Introduction:
The coal-manufacturing districts in the Eastern Yunnan province of Southwest China have the highest rates of occurrence and death from lung tumors. Unique clinical characteristics of non-small cell lung cancer (NSCLC) in patients from these regions were previously reported without a clear understanding of the etiology and molecular characteristics. We aim to identify the unique driver gene mutation spectrum.

Material and methods:
Samples from 1120 NSCLC patients from Eastern Yunnan were gathered for next-generation sequencing. Seventeen gene targets were sequenced. We compared individuals’ medical and genetic features from the coal- and non-coal-manufacturing zones.

Results:
The mutation rates of EGFR (L858R, 19-Del, G719X+L861X, L858R+EGFR amplification) and ERBB2 (20ins) were low in patients from coal-manufacturing regions. Interestingly, EGFR (G719X, S768I, G719X+S768I), KRAS (G12C), TP53 (R158L), and NTRK3 demonstrated a much higher mutation frequency.

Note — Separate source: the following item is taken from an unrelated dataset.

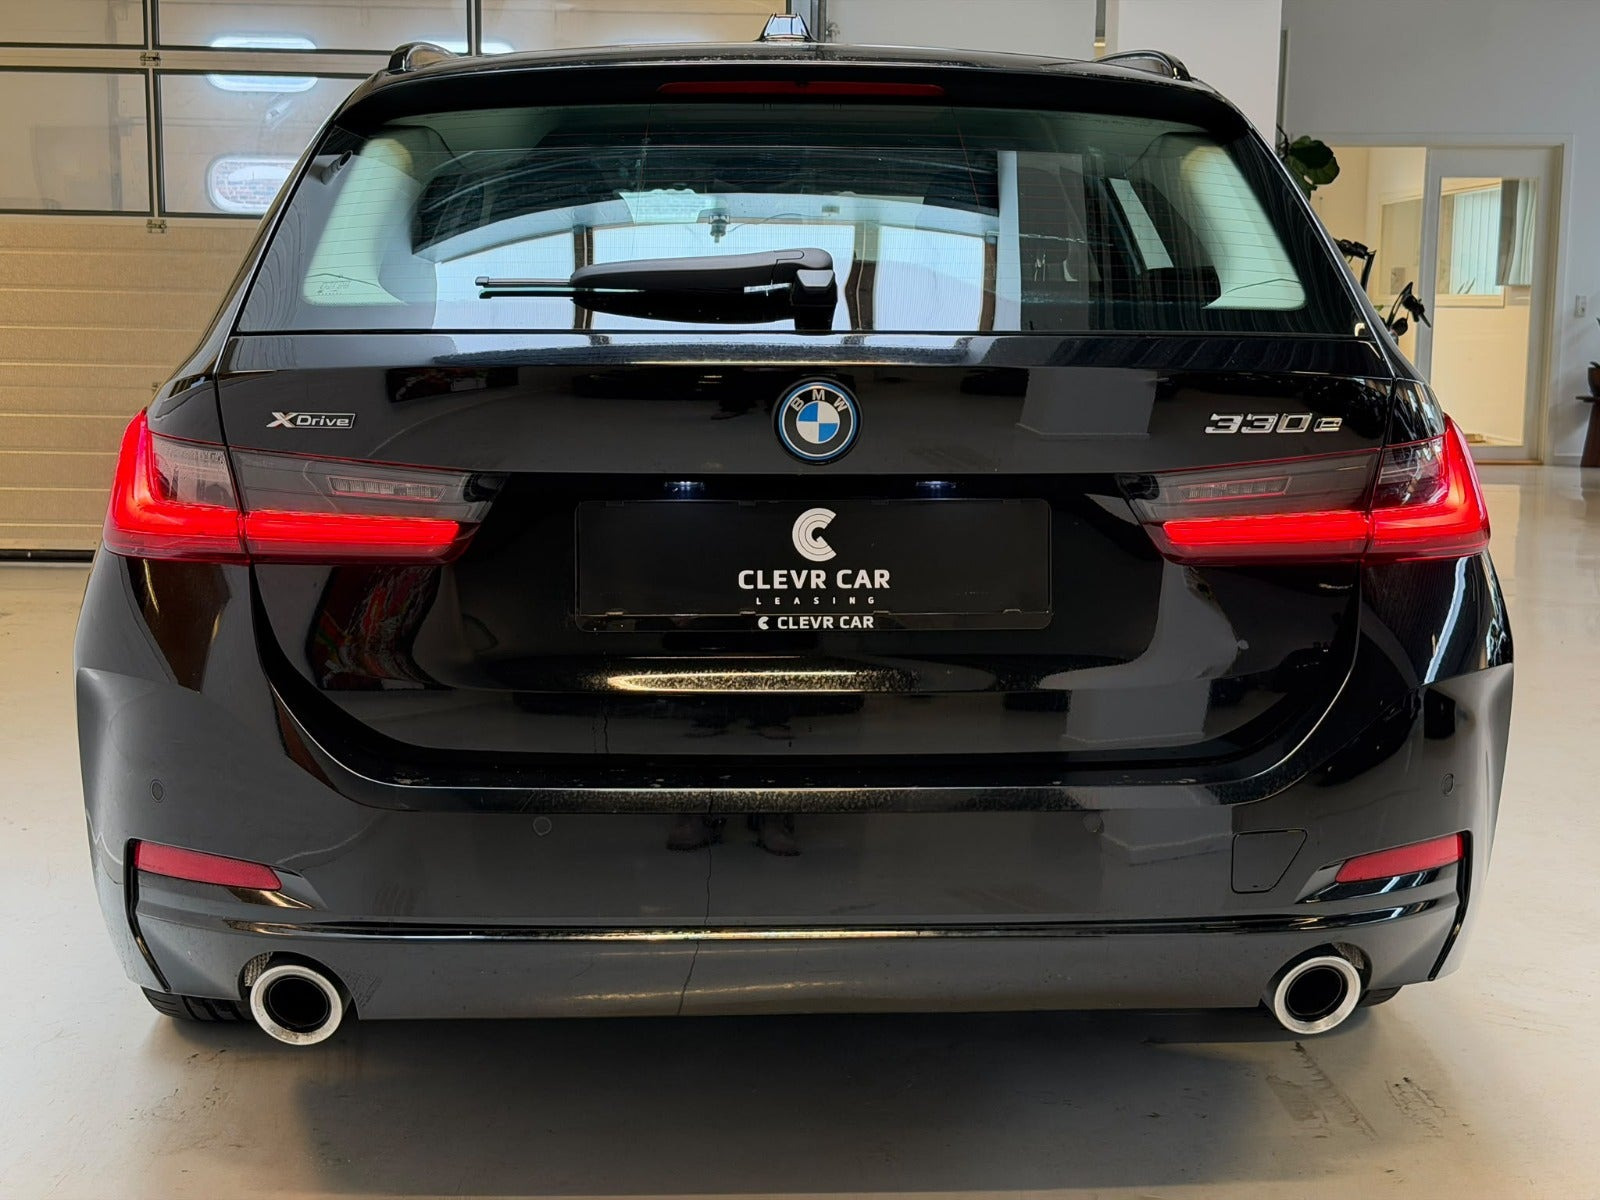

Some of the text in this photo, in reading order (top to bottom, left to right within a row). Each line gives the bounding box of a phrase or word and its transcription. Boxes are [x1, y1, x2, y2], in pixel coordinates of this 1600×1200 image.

Furthermore, EGFR compound mutations were linked with the patient’s job and TNM staging IIIb-IV. The OncodriverCLUST algorithm authenticated 6 genes (KRAS, EGFR, ROS1, NRAS, BRAF, and ERBB2) as driver genes in patients from coal-manufacturing regions. EGFR with KRAS, BRAF, RET, and TP53 with ALK and KRAS were mutually exclusive. Mutations in the TP53 signaling pathways were the most common in NSCLC patients from the coal-producing districts.

Conclusions:
Our analyses confirmed the unique spectrum of driver genetic mutations and emphasized the potential of future targeted therapy in NSCLC patients from the coal-manufacturing districts of Eastern Yunnan. Our data broaden the view of NSCLC pathogenesis and its relationship with the environmental conditions in coal-producing regions.